(Saved entries)

□ □ □ □ □ □ □

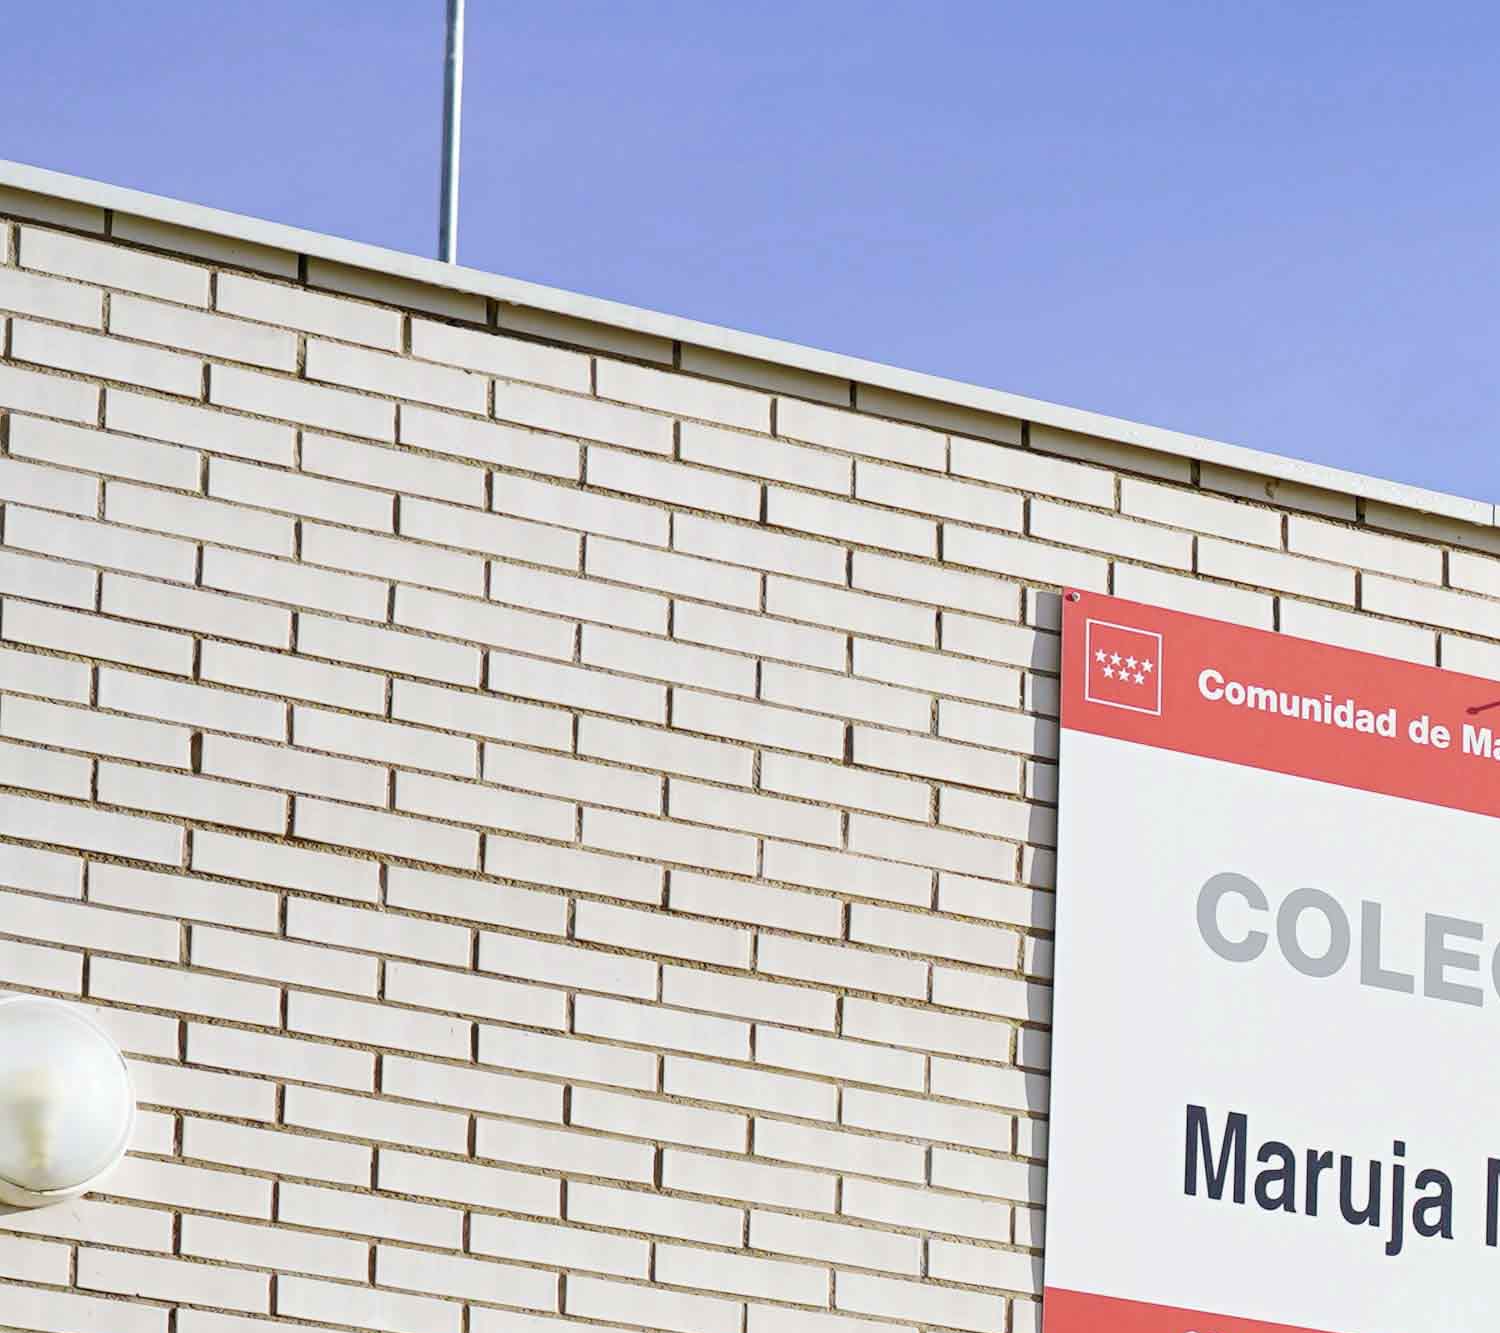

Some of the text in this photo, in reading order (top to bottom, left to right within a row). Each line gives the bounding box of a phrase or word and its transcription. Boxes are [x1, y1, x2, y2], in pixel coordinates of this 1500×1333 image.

[1198, 668, 1397, 740] Comunidad
[1408, 713, 1451, 749] de
[1183, 1103, 1453, 1256] Maruja
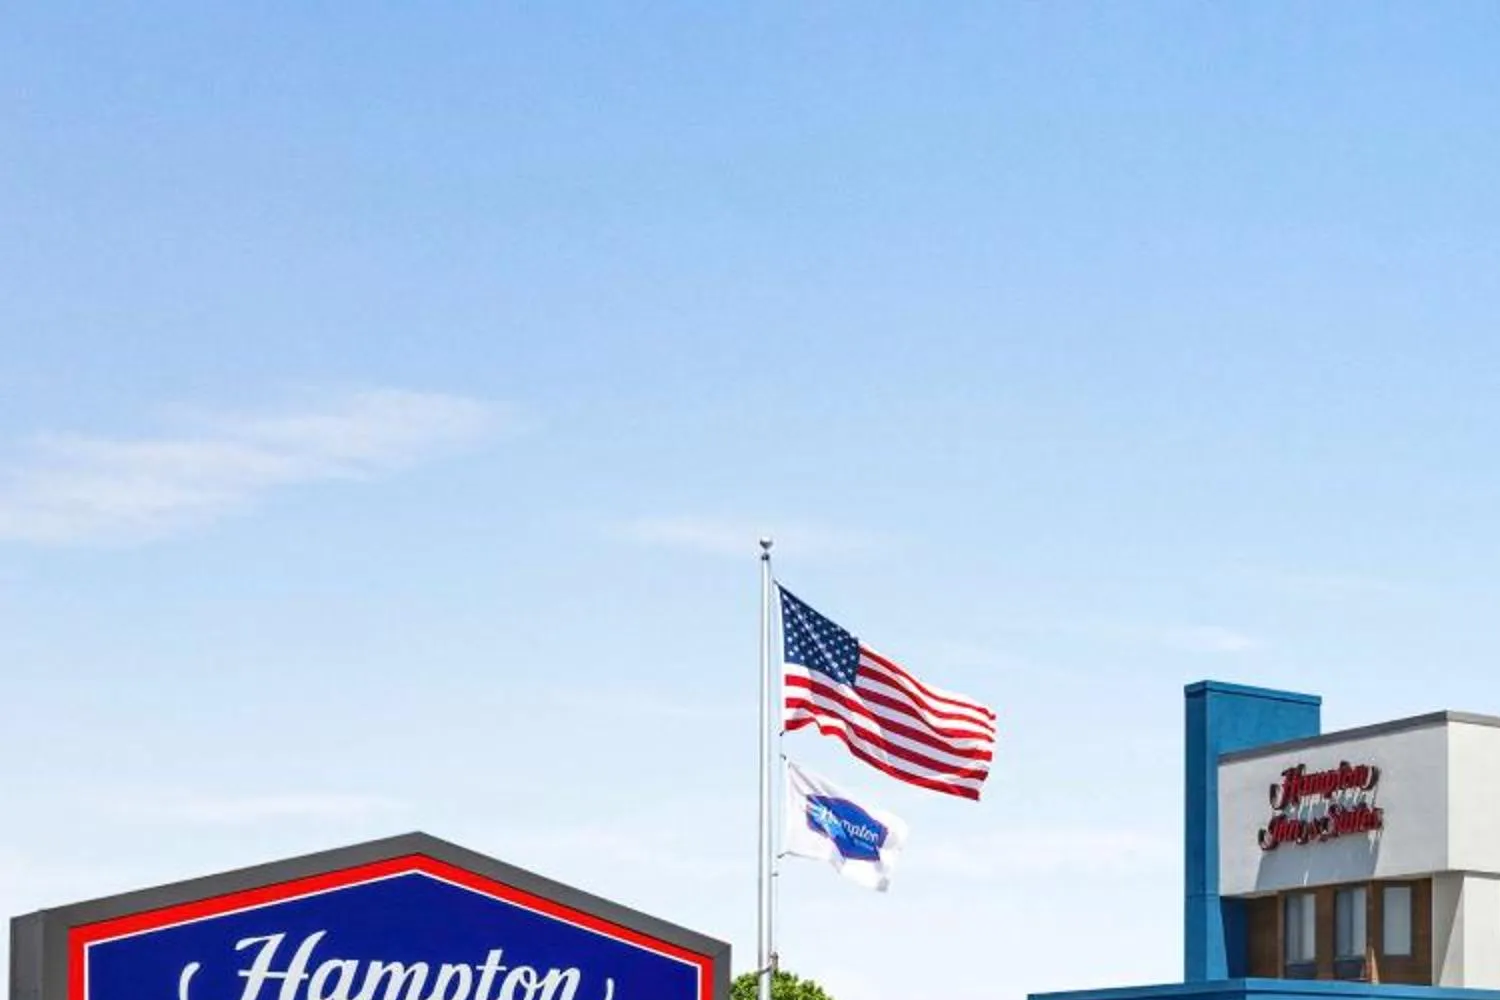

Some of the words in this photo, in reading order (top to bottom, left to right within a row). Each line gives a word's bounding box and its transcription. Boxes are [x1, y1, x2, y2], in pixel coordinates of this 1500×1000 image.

[1269, 760, 1381, 810] Hampton
[1258, 815, 1309, 851] Inn
[1326, 802, 1384, 838] Suites
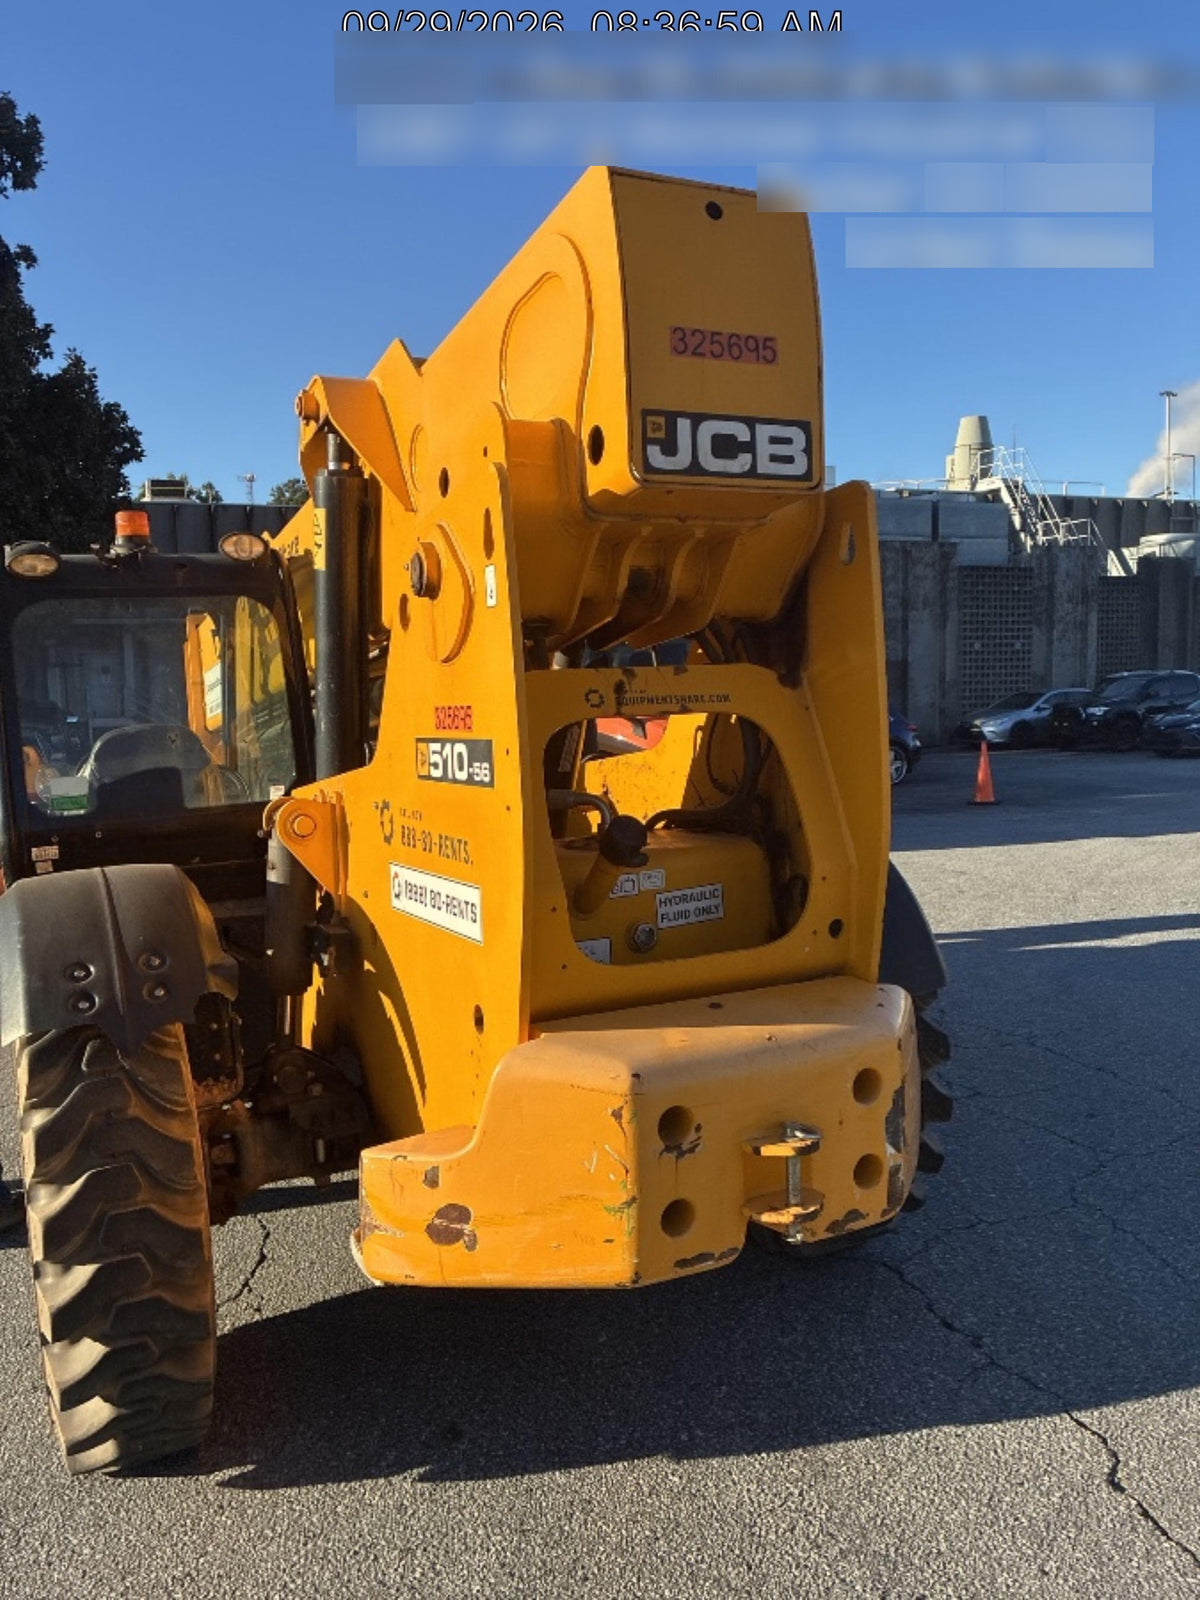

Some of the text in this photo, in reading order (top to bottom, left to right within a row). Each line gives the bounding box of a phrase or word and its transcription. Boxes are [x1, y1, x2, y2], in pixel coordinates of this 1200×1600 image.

[672, 327, 777, 363] 325695
[647, 417, 808, 476] JCB
[659, 889, 720, 907] HYDRAULIC
[661, 904, 720, 924] FLUID ONLY

□ □ □ □ □ □ □

» **Directions for this task**
Set down a word-for-word copy of the records, dropping any picture.

» **Exercise response**
Some of the text in this photo, in reading order (top to bottom, left to right within a row). Each line gives the bounding box of a phrase or word and its transcription. Boxes are [x1, y1, x2, y2], in pixel coordinates of this 1500×1333 image.

[1198, 668, 1397, 740] Comunidad
[1408, 713, 1451, 749] de
[1183, 1103, 1453, 1256] Maruja

Some of the words in this photo, in reading order (top to bottom, left to right within a row). Each line gives a word's bounding box and its transcription. Boxes are [x1, y1, x2, y2], in pixel coordinates of this 1500×1000 image.

[1269, 760, 1381, 810] Hampton
[1258, 815, 1309, 851] Inn
[1326, 802, 1384, 838] Suites

Some of the text in this photo, in reading order (top to bottom, left to right within a row). Each line gives the bounding box of a phrase or word and its transcription. Boxes are [x1, y1, x2, y2], in pixel coordinates of this 1200×1600 image.

[672, 327, 777, 363] 325695
[647, 417, 808, 476] JCB
[659, 889, 720, 907] HYDRAULIC
[661, 904, 720, 924] FLUID ONLY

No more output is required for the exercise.